(Saved data entries)
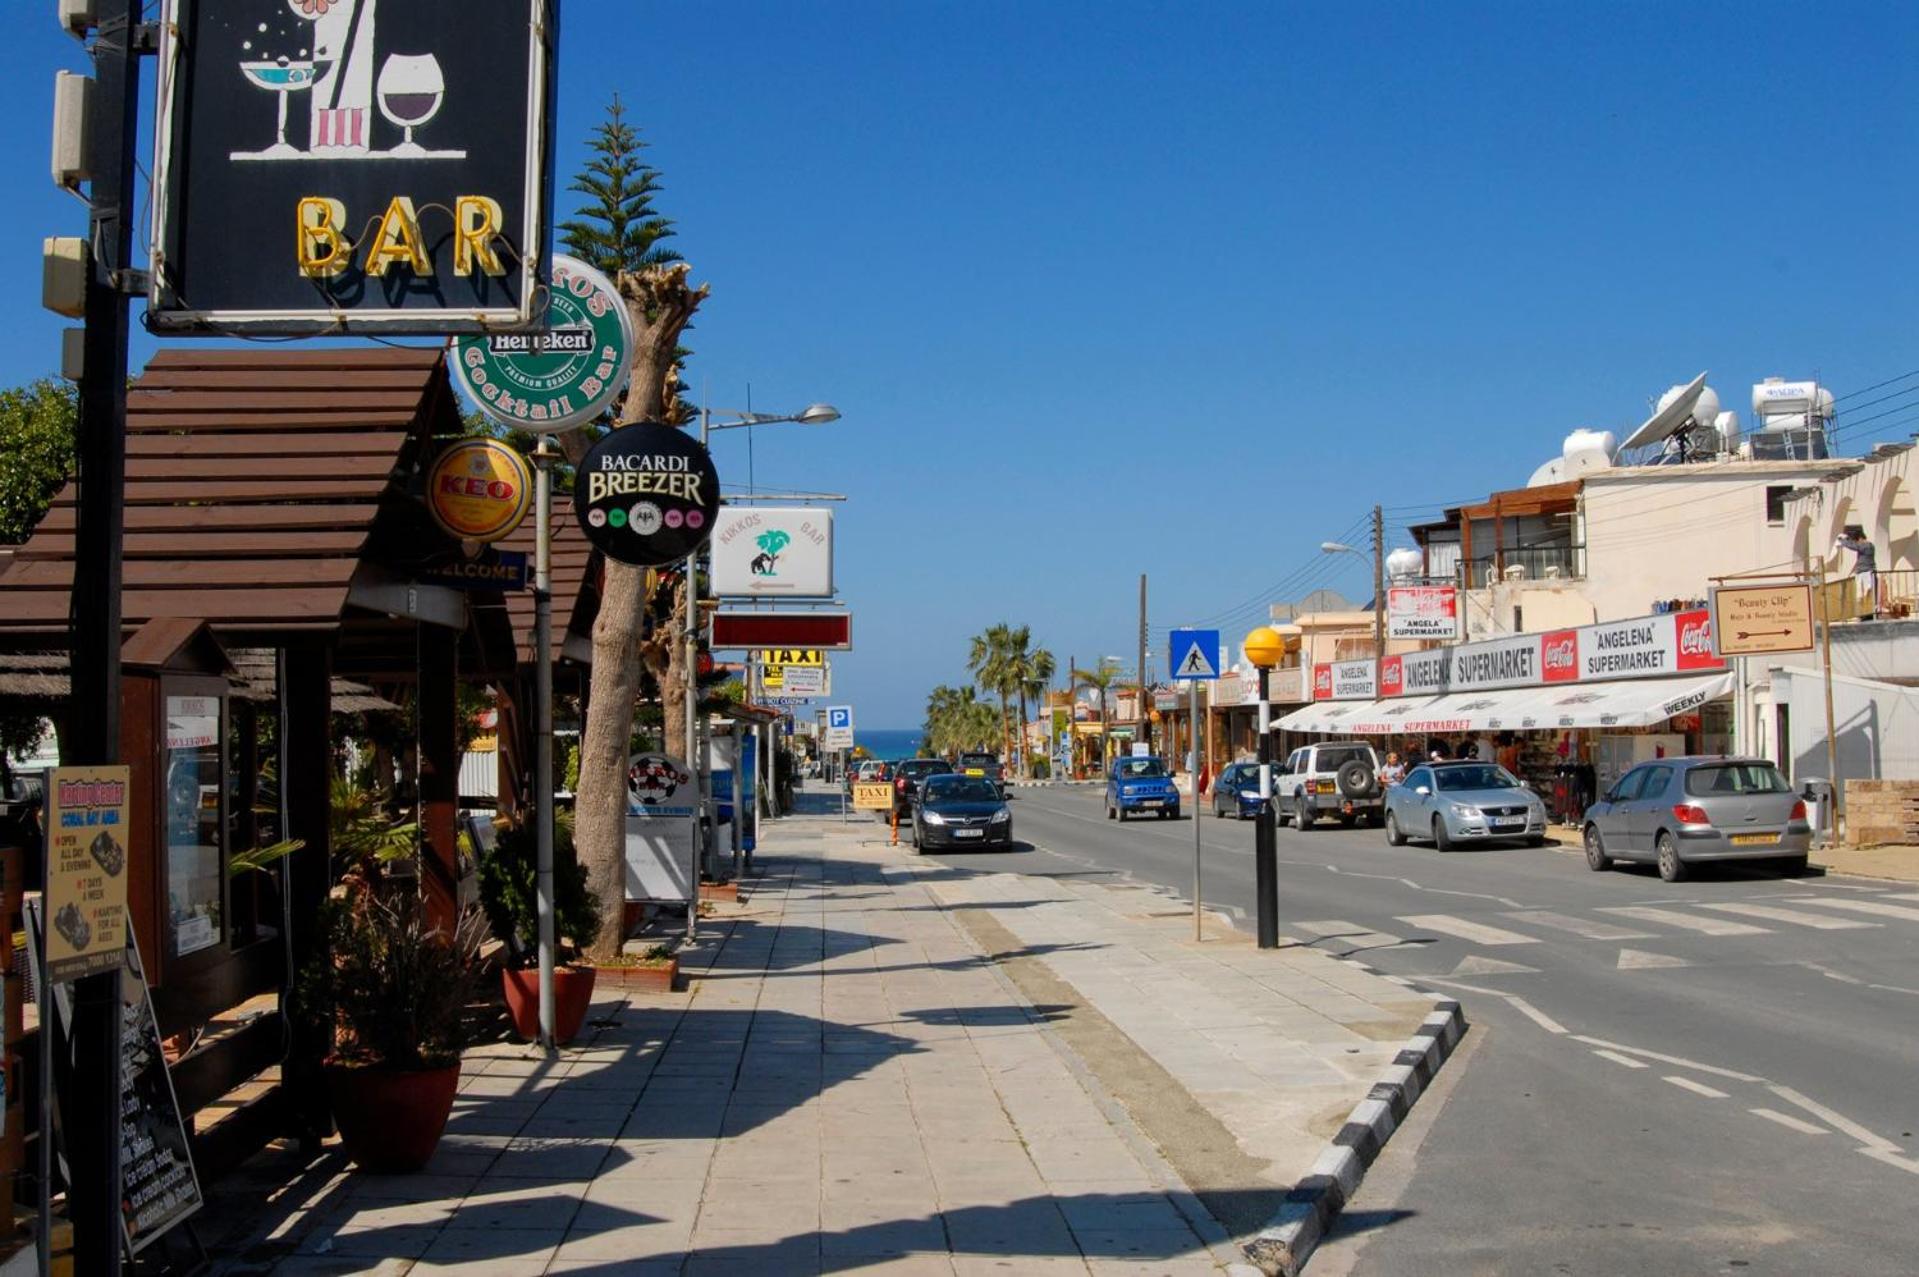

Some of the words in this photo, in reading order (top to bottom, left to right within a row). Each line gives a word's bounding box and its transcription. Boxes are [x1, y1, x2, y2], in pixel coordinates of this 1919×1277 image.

[297, 195, 507, 278] BAR
[464, 346, 573, 420] Cocktail
[578, 345, 617, 400] Bar
[505, 365, 542, 387] PREMIUM
[546, 365, 578, 387] QUALITY
[601, 455, 690, 471] BACARDI
[440, 475, 515, 501] KEO
[588, 472, 705, 506] BREEZER
[800, 521, 825, 545] BAR
[1393, 627, 1453, 636] SUPERMARKET
[767, 648, 821, 663] TAXI
[1458, 647, 1535, 683] SUPERMARKET
[1588, 650, 1665, 673] SUPERMARKET
[1664, 691, 1706, 715] WEEKLY
[834, 711, 847, 726] P
[1403, 719, 1472, 732] SUPERMARKET
[857, 787, 888, 797] TAXI
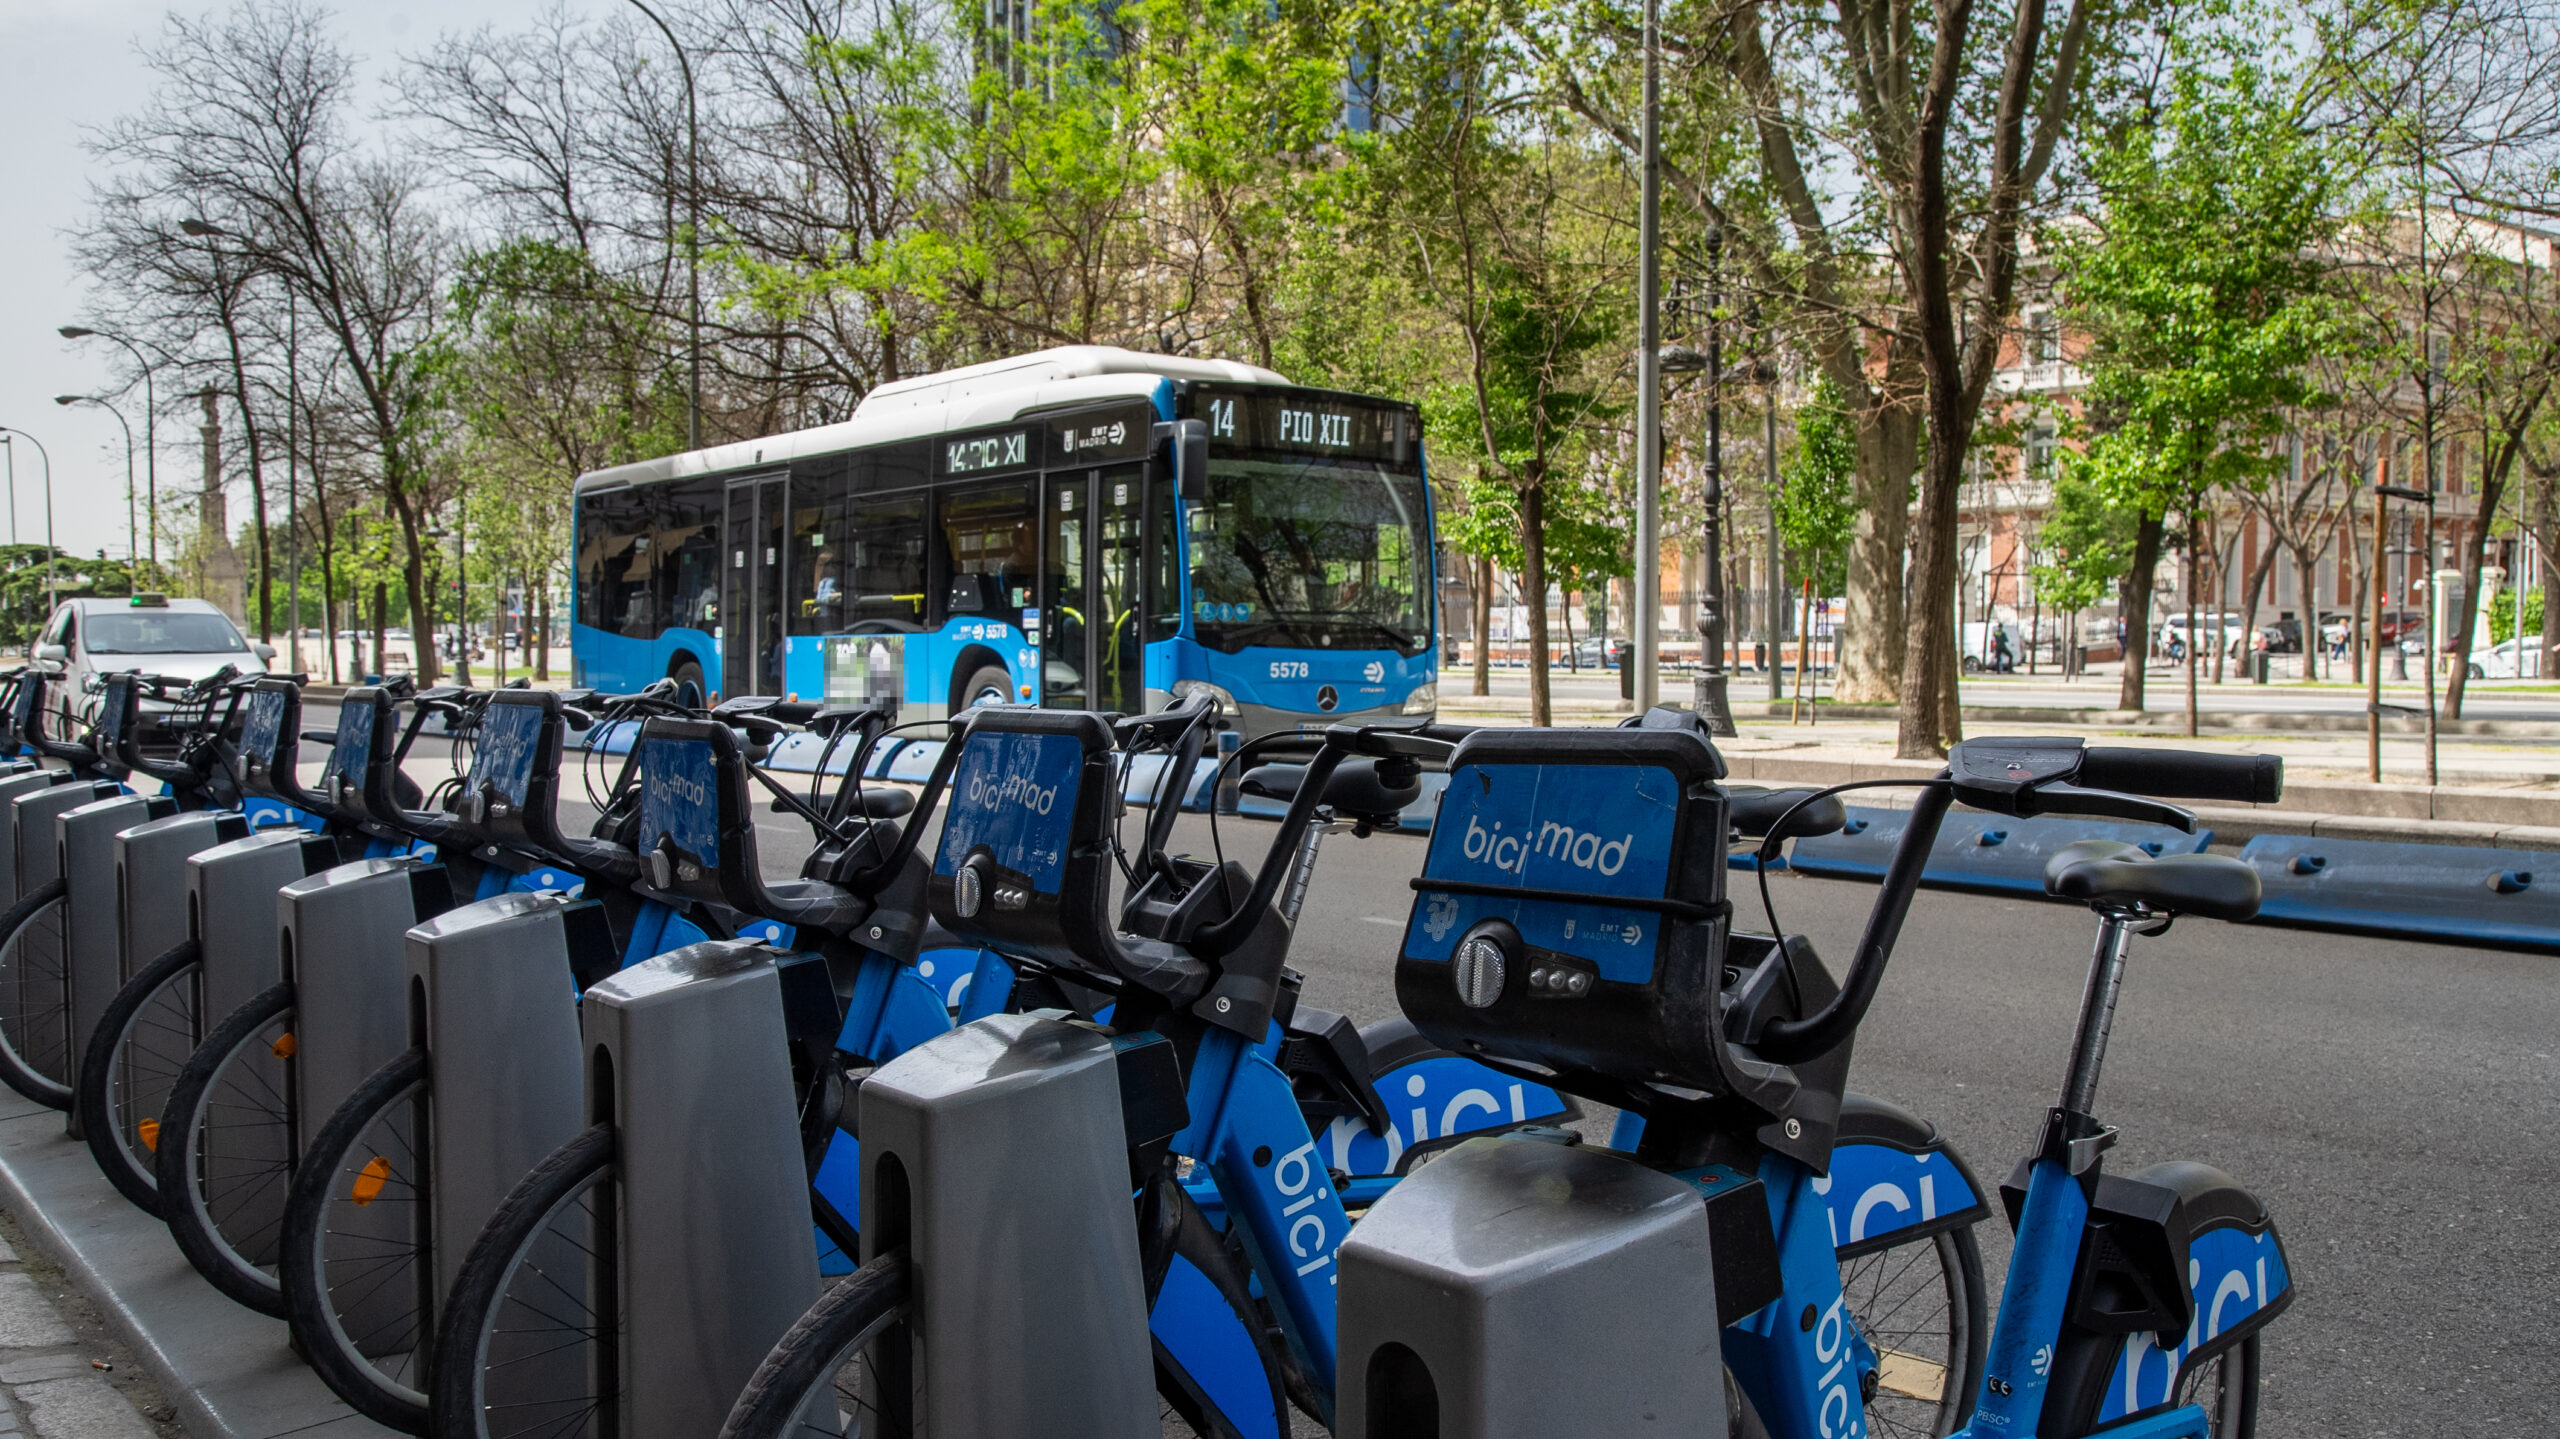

→ **Exercise**: All of the data above needs to be retyped exactly, with the pictures removed.

→ **Your response**:
Some of the words in this photo, in reading order (top to bottom, left to right within a row). Each line gives a word's bounding box and its transcription. Boxes are [x1, y1, x2, y2], in pixel coordinates of this 1919×1277 image.

[297, 195, 507, 278] BAR
[464, 346, 573, 420] Cocktail
[578, 345, 617, 400] Bar
[505, 365, 542, 387] PREMIUM
[546, 365, 578, 387] QUALITY
[601, 455, 690, 471] BACARDI
[440, 475, 515, 501] KEO
[588, 472, 705, 506] BREEZER
[800, 521, 825, 545] BAR
[1393, 627, 1453, 636] SUPERMARKET
[767, 648, 821, 663] TAXI
[1458, 647, 1535, 683] SUPERMARKET
[1588, 650, 1665, 673] SUPERMARKET
[1664, 691, 1706, 715] WEEKLY
[834, 711, 847, 726] P
[1403, 719, 1472, 732] SUPERMARKET
[857, 787, 888, 797] TAXI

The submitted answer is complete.